5. What are the two kinds of Variables? Discuss extensively.
Answer:
The two kinds of variables are the Qualitative variable and the Quantitative
variable. Qualitative variable is also called a categorical variable which shows the
quality or properties of the data. It is represented by a name, a symbol, or a
number code. These scales are mutually exclusive (no overlap) and none of them
have any numerical significance. It has two types qhich are the nominal and the
ordinal. On the other hand, a Quantitative variable is the data that show some
quantity through numerical value. Quantitative data are the numeric variables
(e.g., how many, how much, or how often). Age, blood pressure, body
temperature, hemoglobin level, and serum creatinine level are some examples of
quantitative data. It is also called metric data. Discrete and Continuous. variables
are quantitative variables.
6. Define and discuss extensively the levels of data the:
Nominal Variable - is a qualitative data that are simply names or properties
having two or more categories, and there is no intrinsic ordering to the
categories, i.e., data have no natural ranking or ordering. For example, gender
(male and female) and marital status (married/unmarried) have two categories,
but these categories have no natural order or ranking
Ordinal Variable - It is also a qualitative data that is similar to a nominal variable.

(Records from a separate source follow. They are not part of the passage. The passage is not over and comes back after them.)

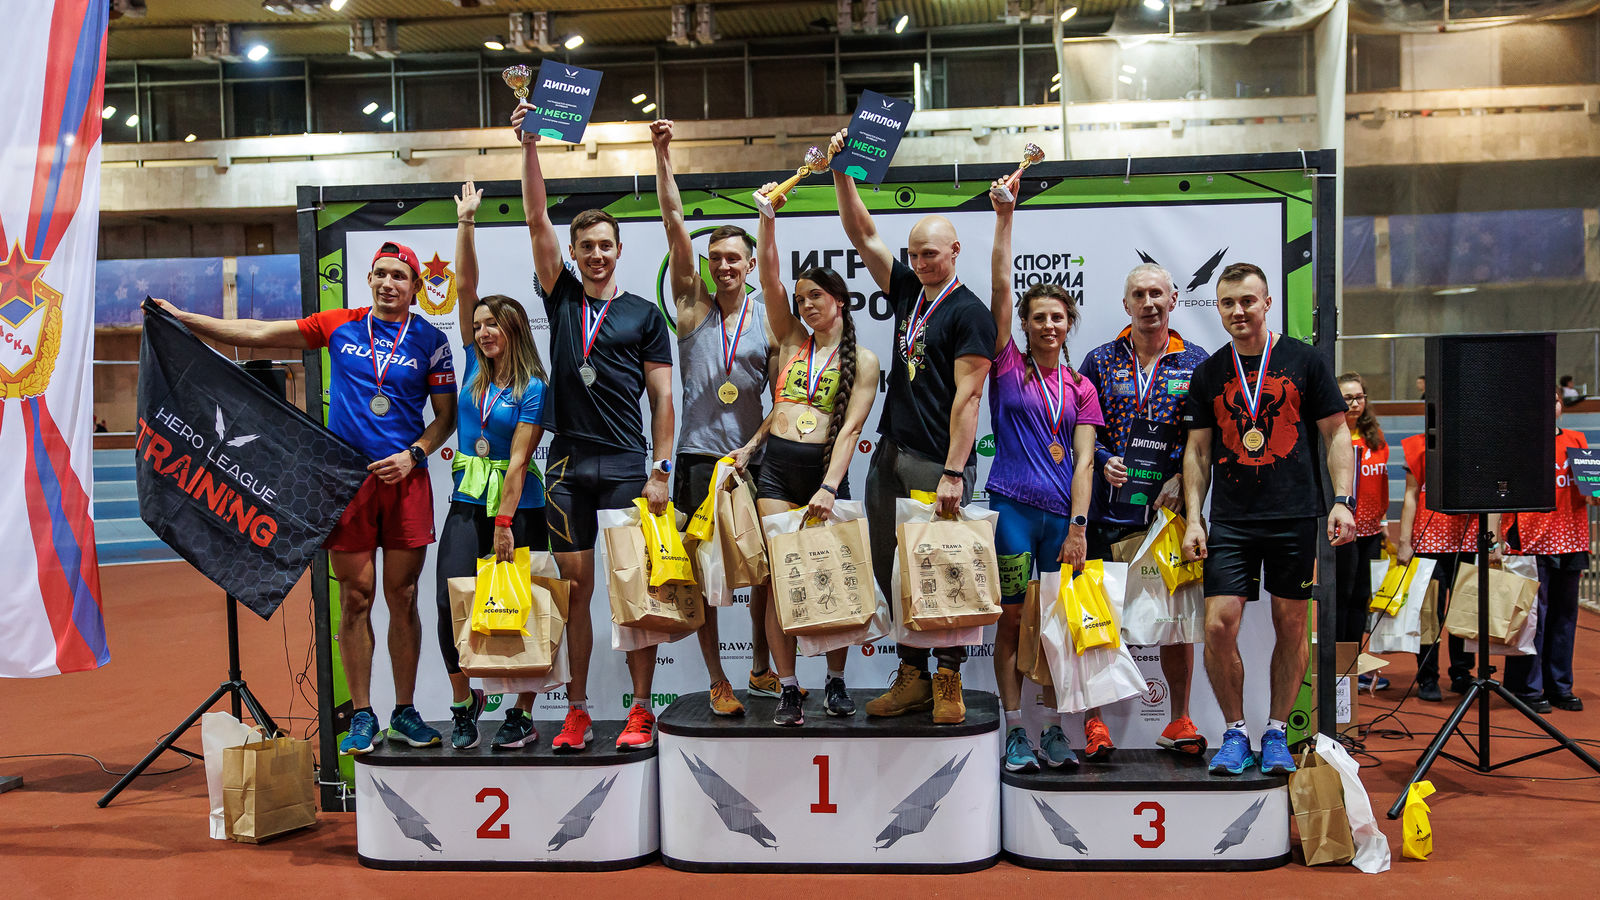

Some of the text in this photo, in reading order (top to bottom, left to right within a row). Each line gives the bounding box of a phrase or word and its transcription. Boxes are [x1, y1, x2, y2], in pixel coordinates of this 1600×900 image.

[543, 79, 591, 97] ДИПЛОМ
[544, 108, 583, 122] МЕСТО
[859, 110, 901, 131] ДИПЛОМ
[853, 141, 887, 158] МЕСТО
[1014, 253, 1072, 271] СПОРТ
[1014, 271, 1084, 290] НОРМА
[427, 285, 446, 299] ЦСКА
[341, 343, 419, 370] RUSSIA
[435, 373, 456, 384] TE
[1131, 438, 1168, 451] ДИПЛОМ
[155, 407, 277, 504] HERO LEAGUE
[136, 416, 278, 547] TRAINING
[1134, 469, 1163, 480] МЕСТО
[720, 642, 754, 651] RAWA
[487, 695, 502, 704] КО
[810, 755, 837, 814] 1
[475, 787, 510, 839] 2
[1133, 801, 1166, 848] 3
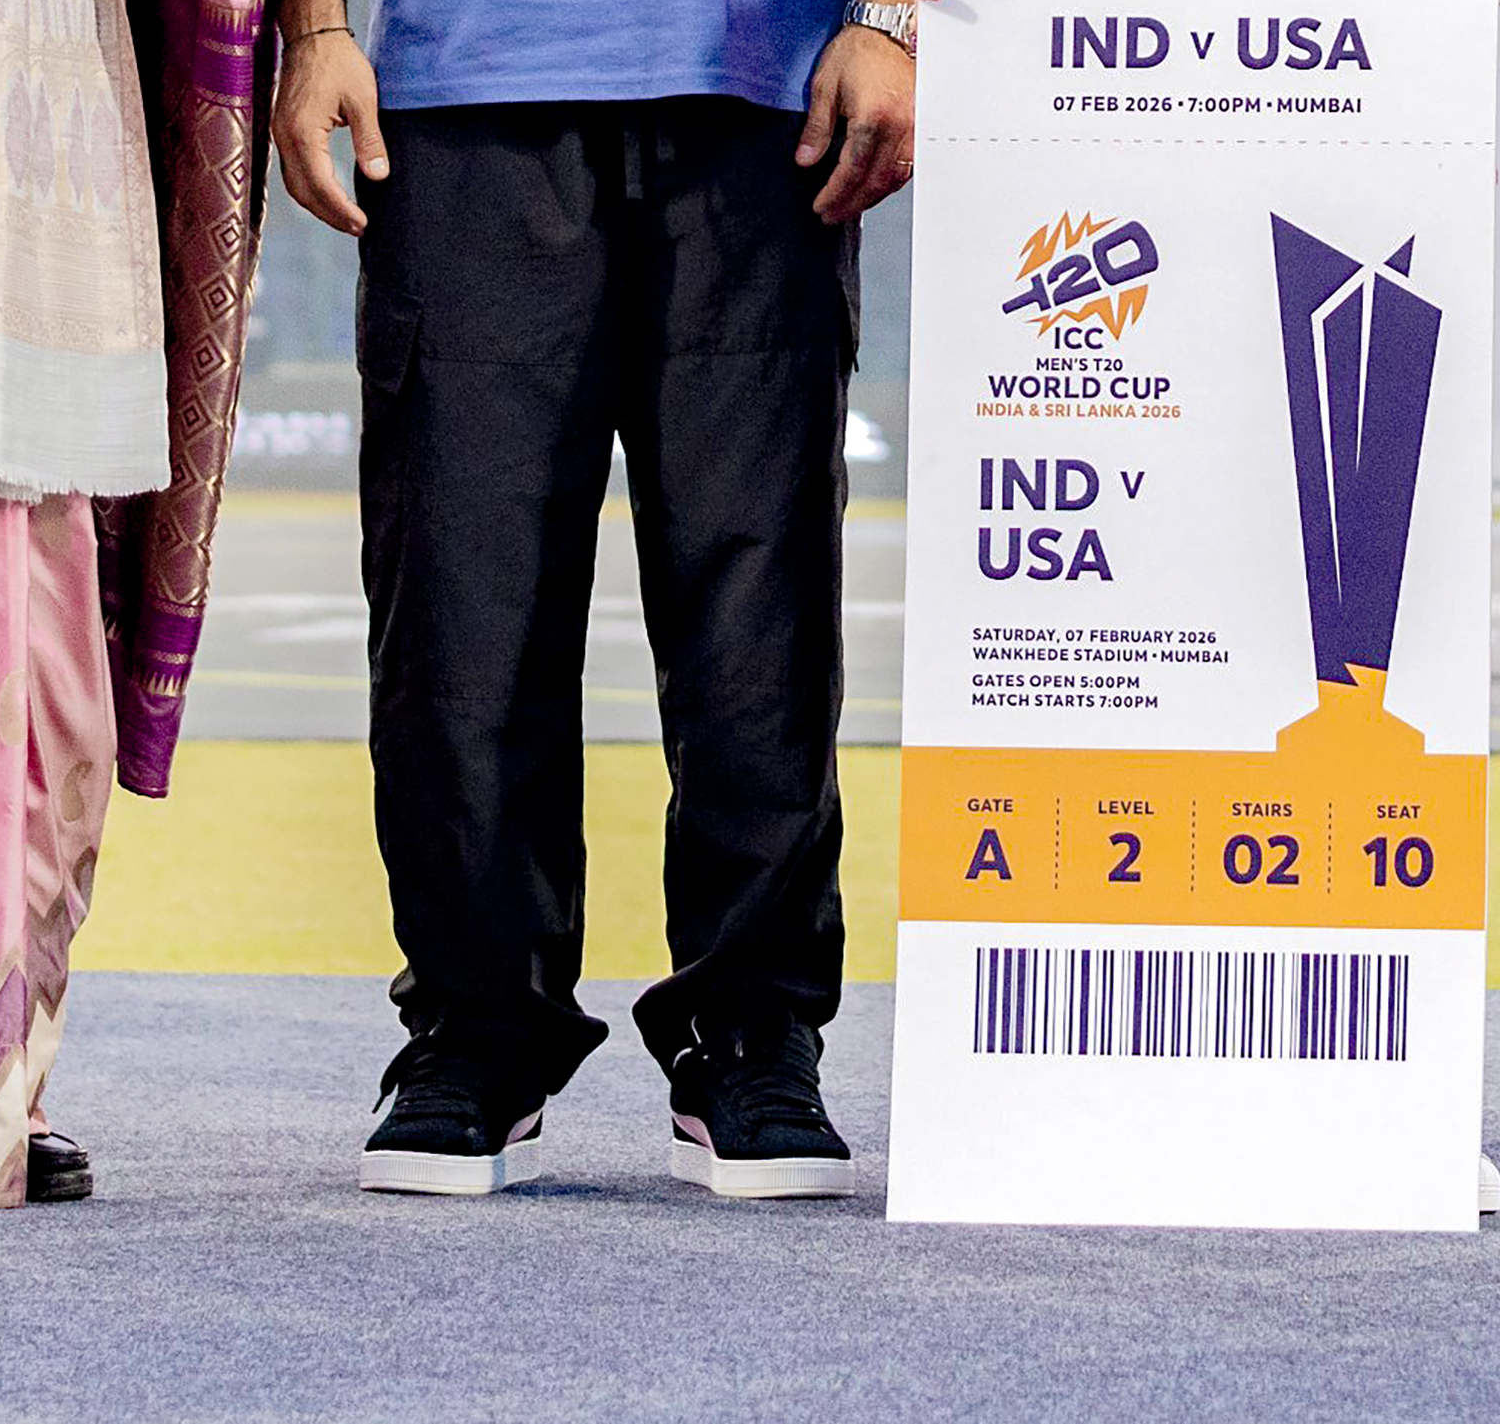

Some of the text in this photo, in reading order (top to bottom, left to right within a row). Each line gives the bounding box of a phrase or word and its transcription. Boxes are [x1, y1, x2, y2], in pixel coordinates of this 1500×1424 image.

The difference between the two is that there is a clear ordering in the data, i.e.,
ordinal data, unlike nominal data, have some order. For example, ordinal scales
are seen in questions that call for ratings of quality (very good, good, fair, poor,
very poor), agreement (strongly agree, agree, disagree, strongly disagree),
economic status (low, medium, and high), etc. All the ranking data including
Likert scales, Bristol stool scale, and all the other scales which are ranked
between 0 and 10 are also called ordinal data.
Discrete Variable - It is quantitative data, but its values cannot be expressed or
presented in the form of a decimal; for example, number of males, number of
females, number of patients, and family size cannot expressed in decimal in a
meaningful way.
Continuous Variable - this belongs to quantitative data. Data are measured in
values and can be quantified and presented in decimals. Age, height, weight,
body mass index, serum creatinine, heart rate, systolic blood pressure, and
diastolic blood pressure are some examples.
7. What are the importance of measurement?
Answer:
Measurement in the first place is the process of systematically assigning
numbers to objects and their properties to facilitate the use of mathematics in
studying and describing objects and their relationships. Some types of
measurement are fairly concrete: for instance, measuring a person’s weight in
pounds or kilograms or his height in feet and inches or in meters. Measurement
scale is an important part of data collection, analysis, and presentation. The
importance of measurement is important to be able to determine the type of
statistical analysis that can be conducted, and, therefore, the type of conclusions
that can be drawn from the research.